BEGIN Extracted data
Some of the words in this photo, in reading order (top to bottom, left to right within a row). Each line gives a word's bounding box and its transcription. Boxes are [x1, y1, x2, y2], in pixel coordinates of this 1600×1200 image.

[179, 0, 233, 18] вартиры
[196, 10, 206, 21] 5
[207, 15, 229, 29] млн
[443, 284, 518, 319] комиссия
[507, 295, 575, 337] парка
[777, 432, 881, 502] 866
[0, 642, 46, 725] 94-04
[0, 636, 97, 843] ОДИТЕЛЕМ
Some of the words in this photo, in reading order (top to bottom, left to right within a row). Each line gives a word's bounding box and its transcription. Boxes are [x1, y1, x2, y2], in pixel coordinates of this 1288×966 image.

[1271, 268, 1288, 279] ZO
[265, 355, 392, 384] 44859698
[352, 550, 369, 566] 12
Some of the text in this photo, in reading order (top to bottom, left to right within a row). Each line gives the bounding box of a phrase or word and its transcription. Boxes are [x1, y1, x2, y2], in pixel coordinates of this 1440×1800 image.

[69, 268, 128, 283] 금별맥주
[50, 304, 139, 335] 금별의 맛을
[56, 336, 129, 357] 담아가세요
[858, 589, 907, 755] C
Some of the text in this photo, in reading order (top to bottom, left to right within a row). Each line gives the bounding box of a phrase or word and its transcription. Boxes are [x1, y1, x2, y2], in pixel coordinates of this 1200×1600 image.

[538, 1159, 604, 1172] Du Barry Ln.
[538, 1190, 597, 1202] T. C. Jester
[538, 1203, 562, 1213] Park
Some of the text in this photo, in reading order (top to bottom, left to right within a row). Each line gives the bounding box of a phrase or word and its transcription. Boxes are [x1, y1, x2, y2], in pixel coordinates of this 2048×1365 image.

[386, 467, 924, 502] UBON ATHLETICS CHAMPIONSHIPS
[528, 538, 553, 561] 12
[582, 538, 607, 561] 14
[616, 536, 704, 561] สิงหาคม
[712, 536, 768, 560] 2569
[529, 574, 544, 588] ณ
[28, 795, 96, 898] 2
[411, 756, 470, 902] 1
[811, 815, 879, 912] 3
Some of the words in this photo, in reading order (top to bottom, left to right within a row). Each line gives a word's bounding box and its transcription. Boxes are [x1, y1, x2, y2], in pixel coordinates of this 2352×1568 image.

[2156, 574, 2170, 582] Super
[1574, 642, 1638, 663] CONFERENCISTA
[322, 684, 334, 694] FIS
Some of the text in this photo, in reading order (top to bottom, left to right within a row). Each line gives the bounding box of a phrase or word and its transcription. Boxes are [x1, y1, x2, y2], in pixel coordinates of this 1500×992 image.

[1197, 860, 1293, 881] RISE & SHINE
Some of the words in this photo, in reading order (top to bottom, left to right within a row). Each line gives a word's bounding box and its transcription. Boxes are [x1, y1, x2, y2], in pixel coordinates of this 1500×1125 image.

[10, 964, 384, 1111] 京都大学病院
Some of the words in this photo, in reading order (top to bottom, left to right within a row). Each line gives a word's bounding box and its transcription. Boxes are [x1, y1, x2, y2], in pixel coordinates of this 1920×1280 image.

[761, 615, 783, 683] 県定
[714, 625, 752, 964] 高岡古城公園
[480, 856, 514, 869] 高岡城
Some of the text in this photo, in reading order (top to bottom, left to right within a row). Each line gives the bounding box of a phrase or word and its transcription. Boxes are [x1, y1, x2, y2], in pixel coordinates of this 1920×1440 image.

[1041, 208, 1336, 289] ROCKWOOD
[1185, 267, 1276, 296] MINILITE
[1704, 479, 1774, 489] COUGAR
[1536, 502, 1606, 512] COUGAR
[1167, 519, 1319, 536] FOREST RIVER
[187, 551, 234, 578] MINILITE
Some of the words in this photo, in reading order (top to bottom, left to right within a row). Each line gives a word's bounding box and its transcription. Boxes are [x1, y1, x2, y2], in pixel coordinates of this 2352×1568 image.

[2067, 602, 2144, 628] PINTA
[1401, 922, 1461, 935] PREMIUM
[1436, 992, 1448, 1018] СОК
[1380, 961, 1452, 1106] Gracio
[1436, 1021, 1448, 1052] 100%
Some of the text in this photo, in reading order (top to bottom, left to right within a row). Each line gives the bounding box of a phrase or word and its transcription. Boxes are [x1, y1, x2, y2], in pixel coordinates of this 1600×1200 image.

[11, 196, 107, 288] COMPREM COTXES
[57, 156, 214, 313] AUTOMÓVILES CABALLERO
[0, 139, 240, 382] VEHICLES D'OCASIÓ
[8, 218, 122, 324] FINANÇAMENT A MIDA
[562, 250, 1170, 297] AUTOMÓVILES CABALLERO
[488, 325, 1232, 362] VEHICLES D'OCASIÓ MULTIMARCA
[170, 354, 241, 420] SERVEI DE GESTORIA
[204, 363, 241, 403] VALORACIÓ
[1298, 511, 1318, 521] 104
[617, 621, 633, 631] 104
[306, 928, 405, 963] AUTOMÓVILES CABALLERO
END Extracted data
Exercise: Write the data out in full, matching every line exactly.

Written solution:
Some of the words in this photo, in reading order (top to bottom, left to right within a row). Each line gives a word's bounding box and its transcription. Boxes are [x1, y1, x2, y2], in pixel coordinates of this 1600×1200 image.

[179, 0, 233, 18] вартиры
[196, 10, 206, 21] 5
[207, 15, 229, 29] млн
[443, 284, 518, 319] комиссия
[507, 295, 575, 337] парка
[777, 432, 881, 502] 866
[0, 642, 46, 725] 94-04
[0, 636, 97, 843] ОДИТЕЛЕМ
Some of the words in this photo, in reading order (top to bottom, left to right within a row). Each line gives a word's bounding box and its transcription. Boxes are [x1, y1, x2, y2], in pixel coordinates of this 1288×966 image.

[1271, 268, 1288, 279] ZO
[265, 355, 392, 384] 44859698
[352, 550, 369, 566] 12
Some of the text in this photo, in reading order (top to bottom, left to right within a row). Each line gives the bounding box of a phrase or word and its transcription. Boxes are [x1, y1, x2, y2], in pixel coordinates of this 1440×1800 image.

[69, 268, 128, 283] 금별맥주
[50, 304, 139, 335] 금별의 맛을
[56, 336, 129, 357] 담아가세요
[858, 589, 907, 755] C
Some of the text in this photo, in reading order (top to bottom, left to right within a row). Each line gives the bounding box of a phrase or word and its transcription. Boxes are [x1, y1, x2, y2], in pixel coordinates of this 1200×1600 image.

[538, 1159, 604, 1172] Du Barry Ln.
[538, 1190, 597, 1202] T. C. Jester
[538, 1203, 562, 1213] Park
Some of the text in this photo, in reading order (top to bottom, left to right within a row). Each line gives the bounding box of a phrase or word and its transcription. Boxes are [x1, y1, x2, y2], in pixel coordinates of this 2048×1365 image.

[386, 467, 924, 502] UBON ATHLETICS CHAMPIONSHIPS
[528, 538, 553, 561] 12
[582, 538, 607, 561] 14
[616, 536, 704, 561] สิงหาคม
[712, 536, 768, 560] 2569
[529, 574, 544, 588] ณ
[28, 795, 96, 898] 2
[411, 756, 470, 902] 1
[811, 815, 879, 912] 3
Some of the words in this photo, in reading order (top to bottom, left to right within a row). Each line gives a word's bounding box and its transcription. Boxes are [x1, y1, x2, y2], in pixel coordinates of this 2352×1568 image.

[2156, 574, 2170, 582] Super
[1574, 642, 1638, 663] CONFERENCISTA
[322, 684, 334, 694] FIS
Some of the text in this photo, in reading order (top to bottom, left to right within a row). Each line gives the bounding box of a phrase or word and its transcription. Boxes are [x1, y1, x2, y2], in pixel coordinates of this 1500×992 image.

[1197, 860, 1293, 881] RISE & SHINE
Some of the words in this photo, in reading order (top to bottom, left to right within a row). Each line gives a word's bounding box and its transcription. Boxes are [x1, y1, x2, y2], in pixel coordinates of this 1500×1125 image.

[10, 964, 384, 1111] 京都大学病院
Some of the words in this photo, in reading order (top to bottom, left to right within a row). Each line gives a word's bounding box and its transcription. Boxes are [x1, y1, x2, y2], in pixel coordinates of this 1920×1280 image.

[761, 615, 783, 683] 県定
[714, 625, 752, 964] 高岡古城公園
[480, 856, 514, 869] 高岡城
Some of the text in this photo, in reading order (top to bottom, left to right within a row). Each line gives the bounding box of a phrase or word and its transcription. Boxes are [x1, y1, x2, y2], in pixel coordinates of this 1920×1440 image.

[1041, 208, 1336, 289] ROCKWOOD
[1185, 267, 1276, 296] MINILITE
[1704, 479, 1774, 489] COUGAR
[1536, 502, 1606, 512] COUGAR
[1167, 519, 1319, 536] FOREST RIVER
[187, 551, 234, 578] MINILITE
Some of the words in this photo, in reading order (top to bottom, left to right within a row). Each line gives a word's bounding box and its transcription. Boxes are [x1, y1, x2, y2], in pixel coordinates of this 2352×1568 image.

[2067, 602, 2144, 628] PINTA
[1401, 922, 1461, 935] PREMIUM
[1436, 992, 1448, 1018] СОК
[1380, 961, 1452, 1106] Gracio
[1436, 1021, 1448, 1052] 100%
Some of the text in this photo, in reading order (top to bottom, left to right within a row). Each line gives the bounding box of a phrase or word and its transcription. Boxes are [x1, y1, x2, y2], in pixel coordinates of this 1600×1200 image.

[11, 196, 107, 288] COMPREM COTXES
[57, 156, 214, 313] AUTOMÓVILES CABALLERO
[0, 139, 240, 382] VEHICLES D'OCASIÓ
[8, 218, 122, 324] FINANÇAMENT A MIDA
[562, 250, 1170, 297] AUTOMÓVILES CABALLERO
[488, 325, 1232, 362] VEHICLES D'OCASIÓ MULTIMARCA
[170, 354, 241, 420] SERVEI DE GESTORIA
[204, 363, 241, 403] VALORACIÓ
[1298, 511, 1318, 521] 104
[617, 621, 633, 631] 104
[306, 928, 405, 963] AUTOMÓVILES CABALLERO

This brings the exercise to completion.